Und was ist mit der Masse der Studenten, die nicht am “Bildungsstreik” und den Besetzungen teilnimmt? Sind die gleichgültig? Der linkte Aktivist wird ihnen vorwerfen, sie seien unpolitisch. Sie sind aber politisch, denn sie beteiligen sich nicht, weil sie genau wissen, daß solche Aktionen von ein paar linksideologisch Indoktrinierten kommt. Und wenn dann noch deren autonome Freunde kommen, dann geht es wie in Frankfurt am Main aus.

Was die durch nichts legitimierten roten Horden in Frankfurt am Main angestellt hatten, zeigen diese offiziellen Photos.  Dort hat die Polizei dem Spuk ein Ende bereitet. Die üblichen Verdächtigen lamentieren auch schon über die Art und Weise, wie die Staatsgewalt für Recht und Ordnung gesorgt hat. Aber nicht die Studenten allgemein sind empört, sondern nur der linke Flügel.
In Kiel trafen Rektorat und Möchtegernrepräsentanten der Studenten eine Vereinbarung, so daß die Räumung unnötig wurde. Tagsüber finden wieder Lehrveranstaltungen in der Alten Mensa, z.B. im Hebbel-Hörsaal statt. Das traurige Häuflein kann aber dort nächtens weiter von der Weltrevolution träumen.Von Vandalismus ist mir nichts bekannt. Vielleicht sind die Kieler Linken provinziell, oder spießig wie Honecker.

Auch in Österreich wird das Treiben der Ewiggestrigen mit Unbehagen beobachtet. Dort hat nämlich dieses linke Treiben Einzug gehalten. Böse ist, wer unterstellt, das habe mit den vielen deutschen Studenten an den Universitäten der Erblande zu tun.

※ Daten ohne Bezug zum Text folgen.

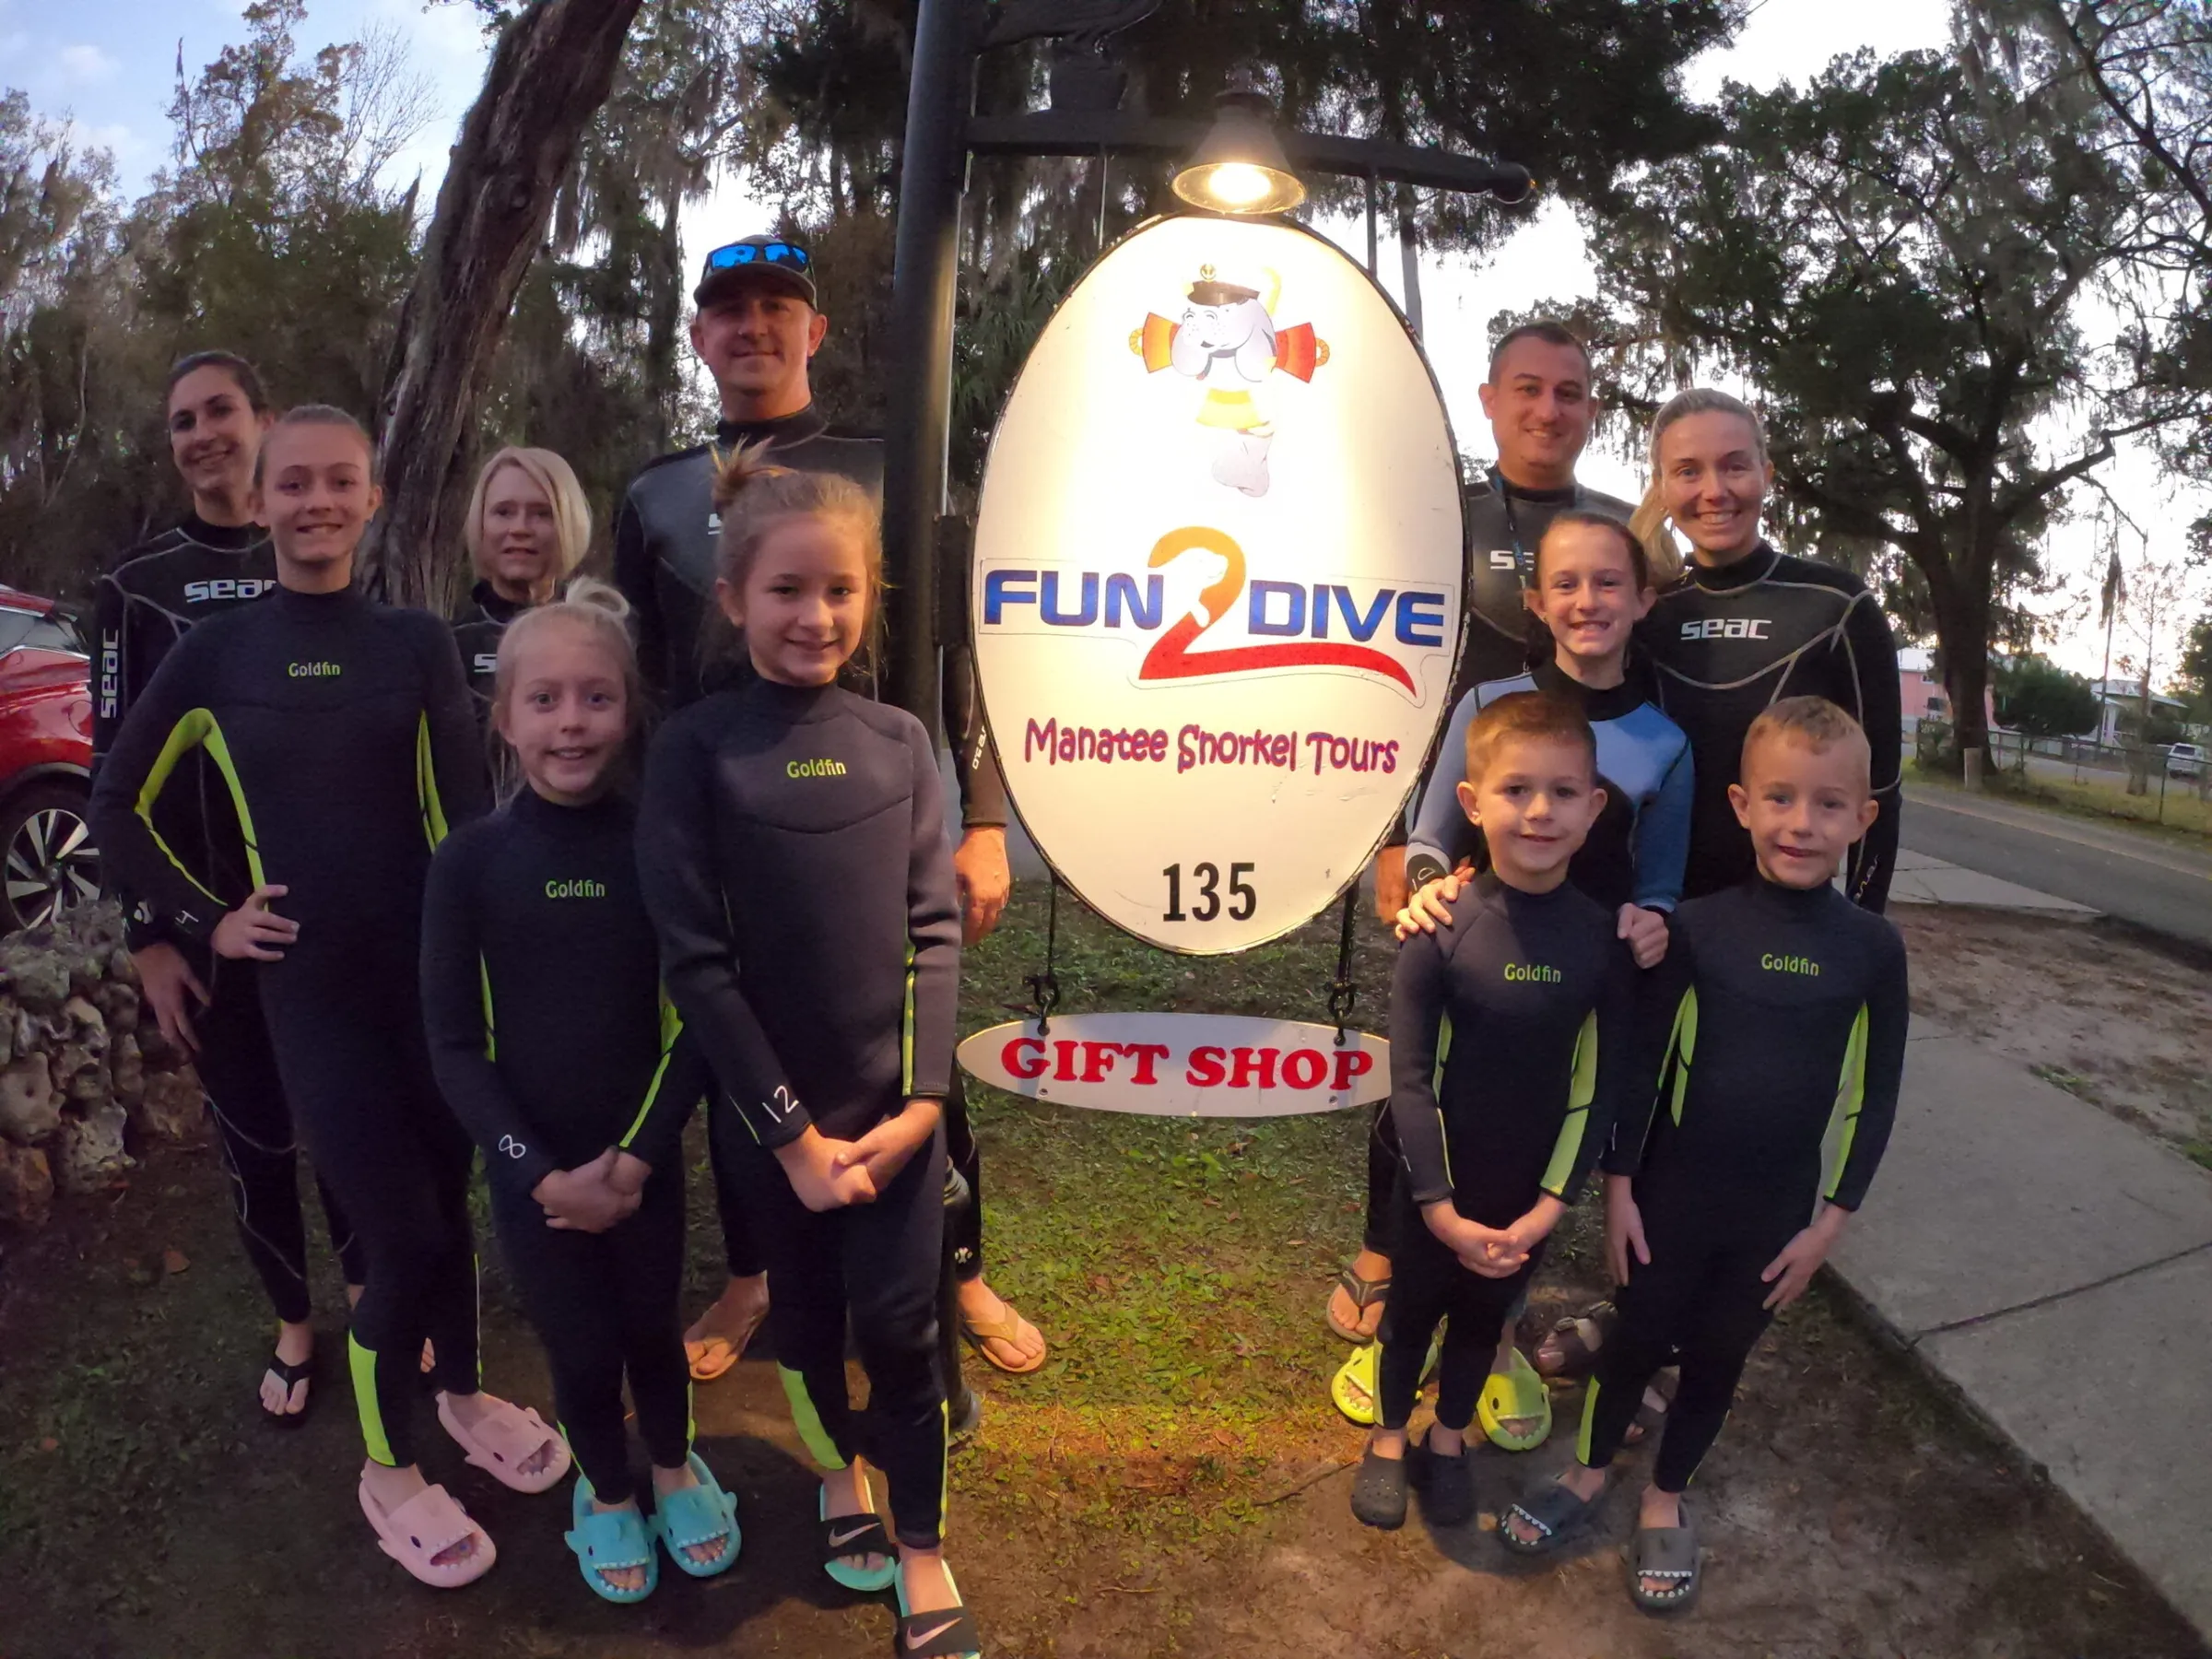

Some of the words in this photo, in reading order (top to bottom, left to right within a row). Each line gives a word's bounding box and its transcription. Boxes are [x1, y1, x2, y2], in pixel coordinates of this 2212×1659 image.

Zivilisierte Menschen bestreiken nicht das, was sie selbst voranbrächte. Der enzige Weg, Veränderung im Bildungswesen herbeizuführen ist es, politisch konstruktiv tätig zu werden. Geht in die Landespolitik! Zieht in den Landtag ein! Dort werden die Weichen gestellt. Und da es einen antitotalitären Grundkonsens der pluralen Demokraten - Demokraten nach Montesquieu, nicht nach Rousseau - geben sollte, werden allzu spinnerte Linke draußen bleiben.